◆ **Brief**:
Quote all entries exactly, leaving pictures aside.

[Material for this exercise Boundary: Start]

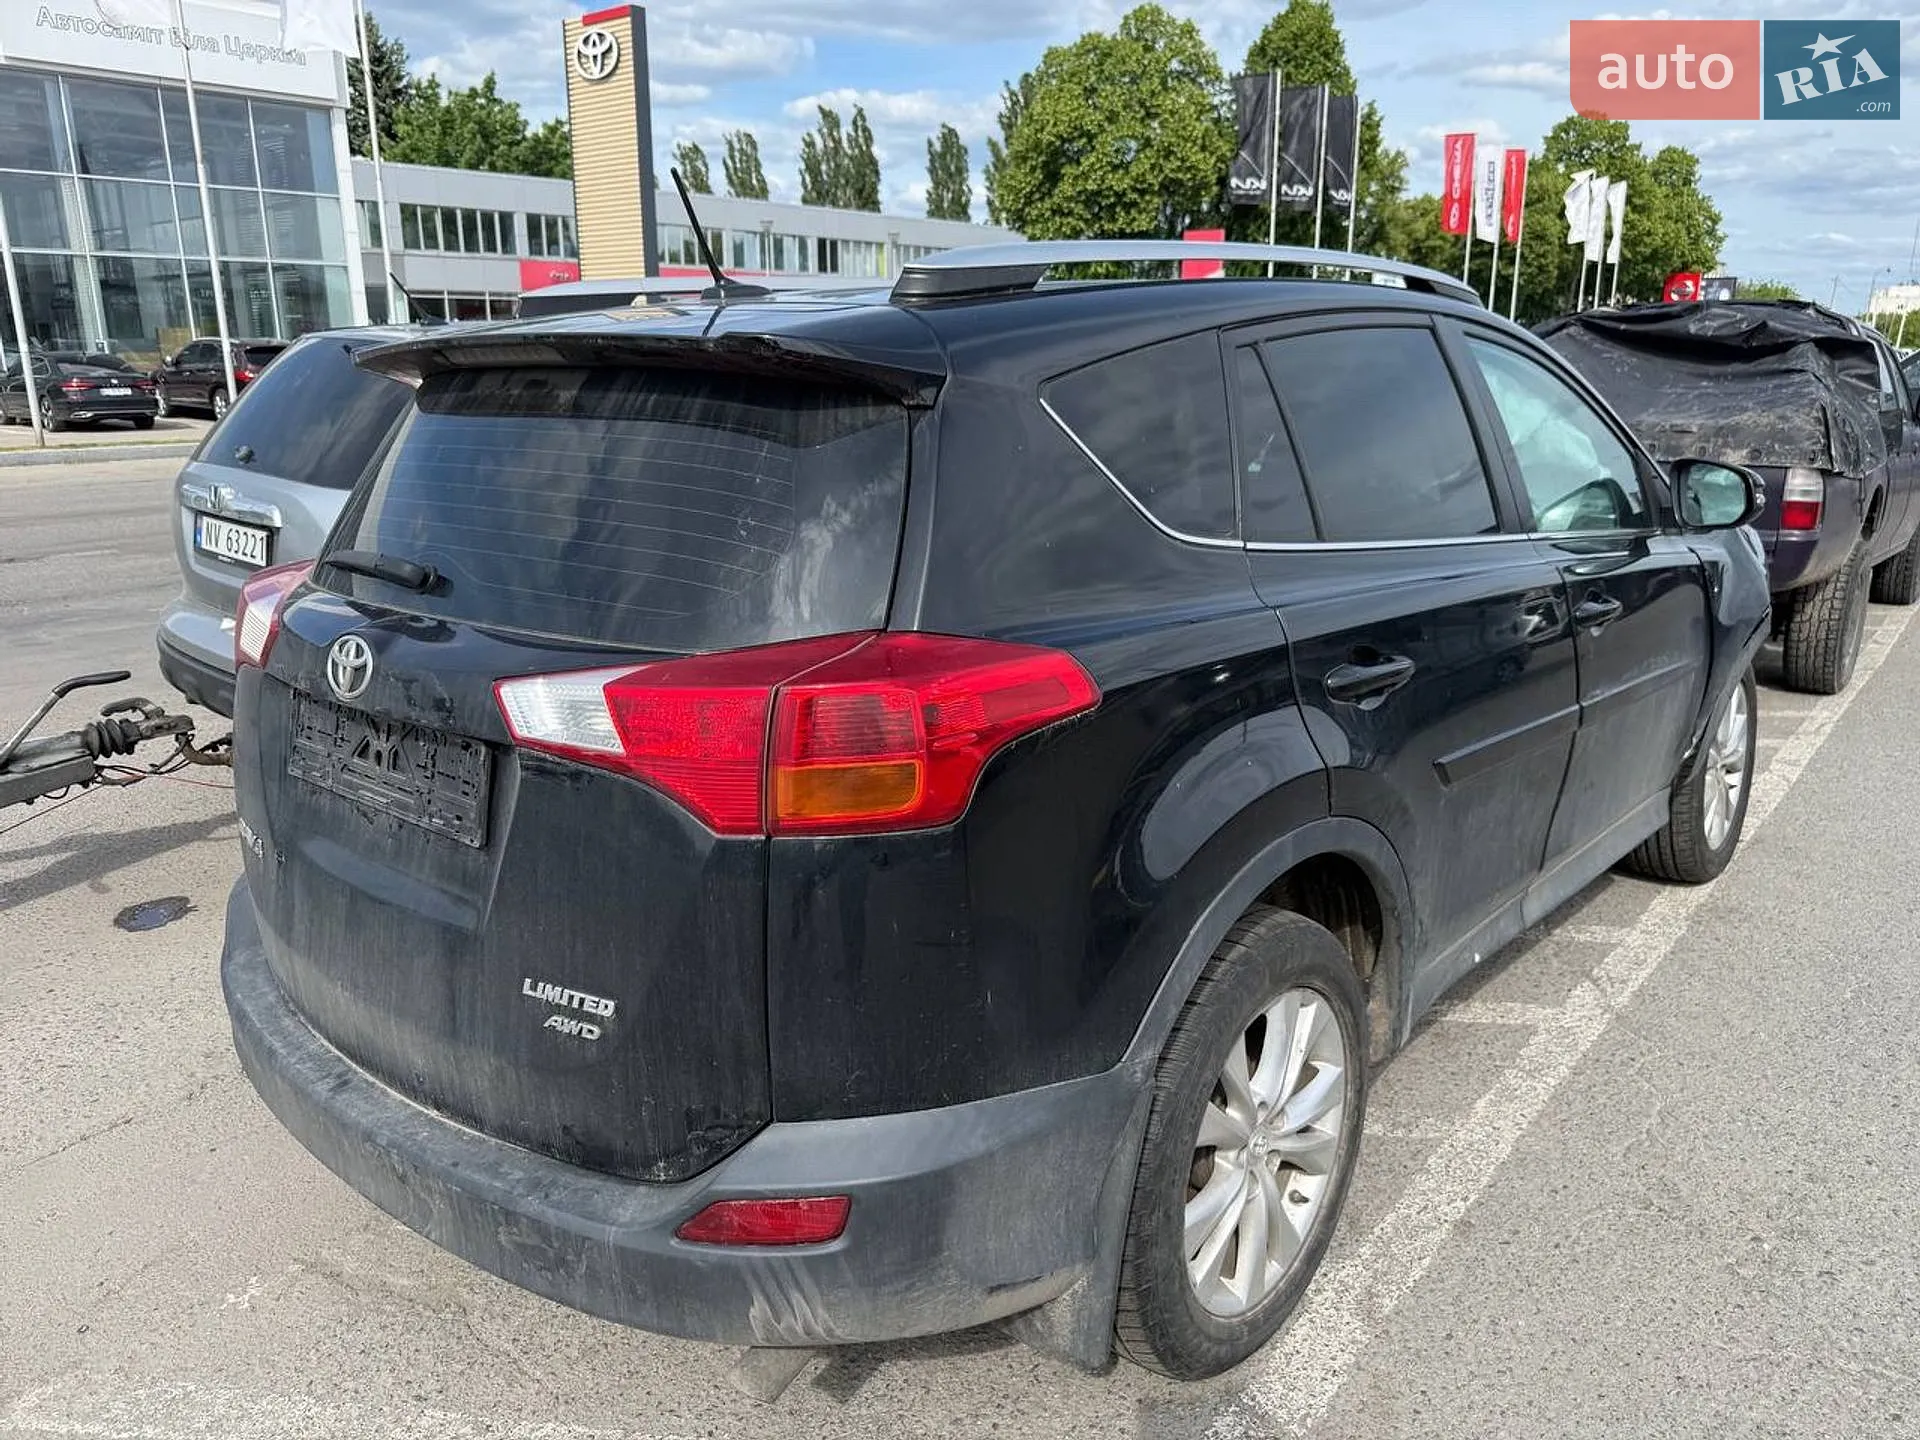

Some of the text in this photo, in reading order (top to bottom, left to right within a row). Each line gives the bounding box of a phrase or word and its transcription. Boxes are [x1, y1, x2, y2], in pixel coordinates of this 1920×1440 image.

[205, 520, 265, 562] NV 63221
[522, 978, 616, 1018] LIMITED
[543, 1015, 601, 1040] AWD
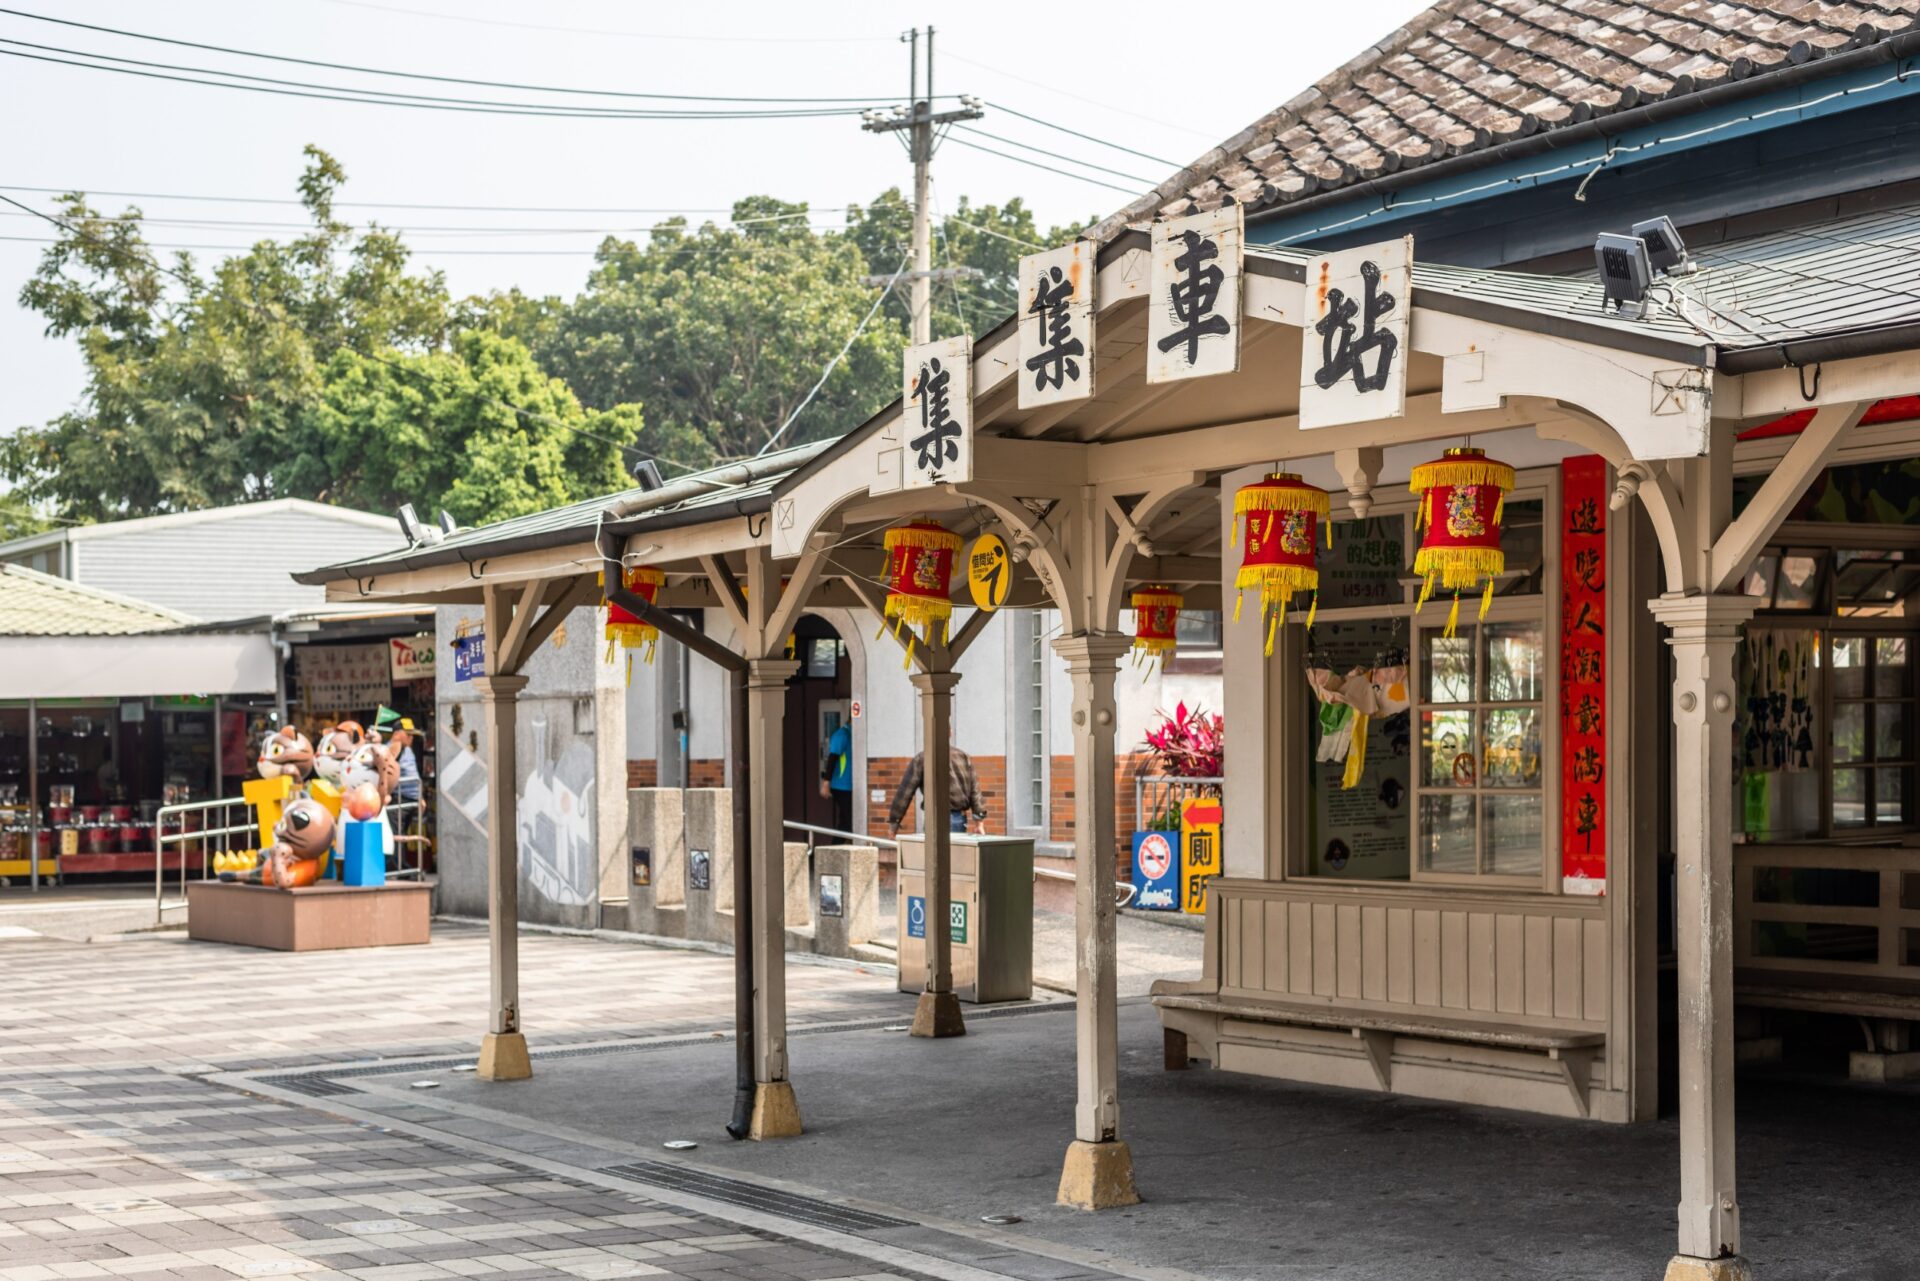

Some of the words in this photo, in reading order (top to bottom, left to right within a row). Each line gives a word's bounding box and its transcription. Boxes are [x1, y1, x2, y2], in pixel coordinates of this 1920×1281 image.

[910, 230, 1398, 470] 集集車站
[1187, 829, 1212, 909] 廁所

[Material for this exercise Boundary: End]

◆ **Your response**:
Some of the text in this photo, in reading order (top to bottom, left to right within a row). Each line gives the bounding box of a phrase or word and its transcription. Boxes are [x1, y1, x2, y2], in pixel coordinates of this 1920×1440 image.

[205, 520, 265, 562] NV 63221
[522, 978, 616, 1018] LIMITED
[543, 1015, 601, 1040] AWD

Some of the words in this photo, in reading order (top to bottom, left to right within a row). Each line gives a word's bounding box and its transcription. Boxes are [x1, y1, x2, y2], in pixel coordinates of this 1920×1281 image.

[910, 230, 1398, 470] 集集車站
[1187, 829, 1212, 909] 廁所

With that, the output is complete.